Source records:

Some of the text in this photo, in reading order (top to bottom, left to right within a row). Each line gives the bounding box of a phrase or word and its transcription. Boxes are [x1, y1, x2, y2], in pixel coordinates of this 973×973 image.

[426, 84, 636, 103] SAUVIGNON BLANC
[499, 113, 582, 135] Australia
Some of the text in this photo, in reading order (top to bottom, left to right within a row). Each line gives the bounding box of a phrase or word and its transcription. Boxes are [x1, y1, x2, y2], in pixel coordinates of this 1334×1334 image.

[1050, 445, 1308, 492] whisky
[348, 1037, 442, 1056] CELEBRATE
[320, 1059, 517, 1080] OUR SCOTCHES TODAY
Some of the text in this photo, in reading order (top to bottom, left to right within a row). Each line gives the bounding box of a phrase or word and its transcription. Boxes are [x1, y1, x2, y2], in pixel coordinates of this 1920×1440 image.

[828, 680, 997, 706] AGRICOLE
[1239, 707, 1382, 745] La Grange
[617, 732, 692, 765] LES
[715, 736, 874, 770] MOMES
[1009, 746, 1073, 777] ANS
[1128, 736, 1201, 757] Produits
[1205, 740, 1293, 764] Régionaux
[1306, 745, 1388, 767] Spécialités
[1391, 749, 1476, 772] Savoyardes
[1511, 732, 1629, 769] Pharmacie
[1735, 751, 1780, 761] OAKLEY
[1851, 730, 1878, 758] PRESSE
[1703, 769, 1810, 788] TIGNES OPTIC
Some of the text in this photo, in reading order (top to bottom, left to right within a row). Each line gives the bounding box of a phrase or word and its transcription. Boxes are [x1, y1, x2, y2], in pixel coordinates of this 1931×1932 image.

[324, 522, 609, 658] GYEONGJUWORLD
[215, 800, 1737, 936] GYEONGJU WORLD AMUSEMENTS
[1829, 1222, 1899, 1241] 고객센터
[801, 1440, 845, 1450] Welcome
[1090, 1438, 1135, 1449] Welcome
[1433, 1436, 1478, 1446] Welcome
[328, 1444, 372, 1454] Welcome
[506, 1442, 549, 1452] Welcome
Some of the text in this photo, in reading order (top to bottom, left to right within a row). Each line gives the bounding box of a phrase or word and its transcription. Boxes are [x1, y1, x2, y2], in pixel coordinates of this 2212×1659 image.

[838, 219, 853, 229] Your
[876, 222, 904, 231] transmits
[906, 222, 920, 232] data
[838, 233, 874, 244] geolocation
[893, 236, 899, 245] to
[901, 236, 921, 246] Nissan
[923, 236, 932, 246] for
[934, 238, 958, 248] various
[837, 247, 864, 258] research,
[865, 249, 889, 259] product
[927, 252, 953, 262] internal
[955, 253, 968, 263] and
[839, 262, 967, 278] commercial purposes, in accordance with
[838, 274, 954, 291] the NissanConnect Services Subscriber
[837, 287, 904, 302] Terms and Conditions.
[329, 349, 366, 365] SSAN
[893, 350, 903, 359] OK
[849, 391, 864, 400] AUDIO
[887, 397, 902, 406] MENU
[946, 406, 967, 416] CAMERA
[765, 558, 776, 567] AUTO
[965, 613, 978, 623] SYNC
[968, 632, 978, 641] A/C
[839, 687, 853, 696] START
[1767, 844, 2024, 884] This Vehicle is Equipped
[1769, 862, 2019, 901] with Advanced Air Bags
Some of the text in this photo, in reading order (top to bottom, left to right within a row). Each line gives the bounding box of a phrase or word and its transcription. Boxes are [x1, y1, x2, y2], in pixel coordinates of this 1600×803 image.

What to produce:
The data given before this task must be transcribed exactly and in full.

Answer box:
Some of the text in this photo, in reading order (top to bottom, left to right within a row). Each line gives the bounding box of a phrase or word and its transcription. Boxes are [x1, y1, x2, y2], in pixel coordinates of this 973×973 image.

[426, 84, 636, 103] SAUVIGNON BLANC
[499, 113, 582, 135] Australia
Some of the text in this photo, in reading order (top to bottom, left to right within a row). Each line gives the bounding box of a phrase or word and its transcription. Boxes are [x1, y1, x2, y2], in pixel coordinates of this 1334×1334 image.

[1050, 445, 1308, 492] whisky
[348, 1037, 442, 1056] CELEBRATE
[320, 1059, 517, 1080] OUR SCOTCHES TODAY
Some of the text in this photo, in reading order (top to bottom, left to right within a row). Each line gives the bounding box of a phrase or word and its transcription. Boxes are [x1, y1, x2, y2], in pixel coordinates of this 1920×1440 image.

[828, 680, 997, 706] AGRICOLE
[1239, 707, 1382, 745] La Grange
[617, 732, 692, 765] LES
[715, 736, 874, 770] MOMES
[1009, 746, 1073, 777] ANS
[1128, 736, 1201, 757] Produits
[1205, 740, 1293, 764] Régionaux
[1306, 745, 1388, 767] Spécialités
[1391, 749, 1476, 772] Savoyardes
[1511, 732, 1629, 769] Pharmacie
[1735, 751, 1780, 761] OAKLEY
[1851, 730, 1878, 758] PRESSE
[1703, 769, 1810, 788] TIGNES OPTIC
Some of the text in this photo, in reading order (top to bottom, left to right within a row). Each line gives the bounding box of a phrase or word and its transcription. Boxes are [x1, y1, x2, y2], in pixel coordinates of this 1931×1932 image.

[324, 522, 609, 658] GYEONGJUWORLD
[215, 800, 1737, 936] GYEONGJU WORLD AMUSEMENTS
[1829, 1222, 1899, 1241] 고객센터
[801, 1440, 845, 1450] Welcome
[1090, 1438, 1135, 1449] Welcome
[1433, 1436, 1478, 1446] Welcome
[328, 1444, 372, 1454] Welcome
[506, 1442, 549, 1452] Welcome
Some of the text in this photo, in reading order (top to bottom, left to right within a row). Each line gives the bounding box of a phrase or word and its transcription. Boxes are [x1, y1, x2, y2], in pixel coordinates of this 2212×1659 image.

[838, 219, 853, 229] Your
[876, 222, 904, 231] transmits
[906, 222, 920, 232] data
[838, 233, 874, 244] geolocation
[893, 236, 899, 245] to
[901, 236, 921, 246] Nissan
[923, 236, 932, 246] for
[934, 238, 958, 248] various
[837, 247, 864, 258] research,
[865, 249, 889, 259] product
[927, 252, 953, 262] internal
[955, 253, 968, 263] and
[839, 262, 967, 278] commercial purposes, in accordance with
[838, 274, 954, 291] the NissanConnect Services Subscriber
[837, 287, 904, 302] Terms and Conditions.
[329, 349, 366, 365] SSAN
[893, 350, 903, 359] OK
[849, 391, 864, 400] AUDIO
[887, 397, 902, 406] MENU
[946, 406, 967, 416] CAMERA
[765, 558, 776, 567] AUTO
[965, 613, 978, 623] SYNC
[968, 632, 978, 641] A/C
[839, 687, 853, 696] START
[1767, 844, 2024, 884] This Vehicle is Equipped
[1769, 862, 2019, 901] with Advanced Air Bags
Some of the text in this photo, in reading order (top to bottom, left to right within a row). Each line gives the bounding box of a phrase or word and its transcription. Boxes are [x1, y1, x2, y2], in pixel coordinates of this 1600×803 image.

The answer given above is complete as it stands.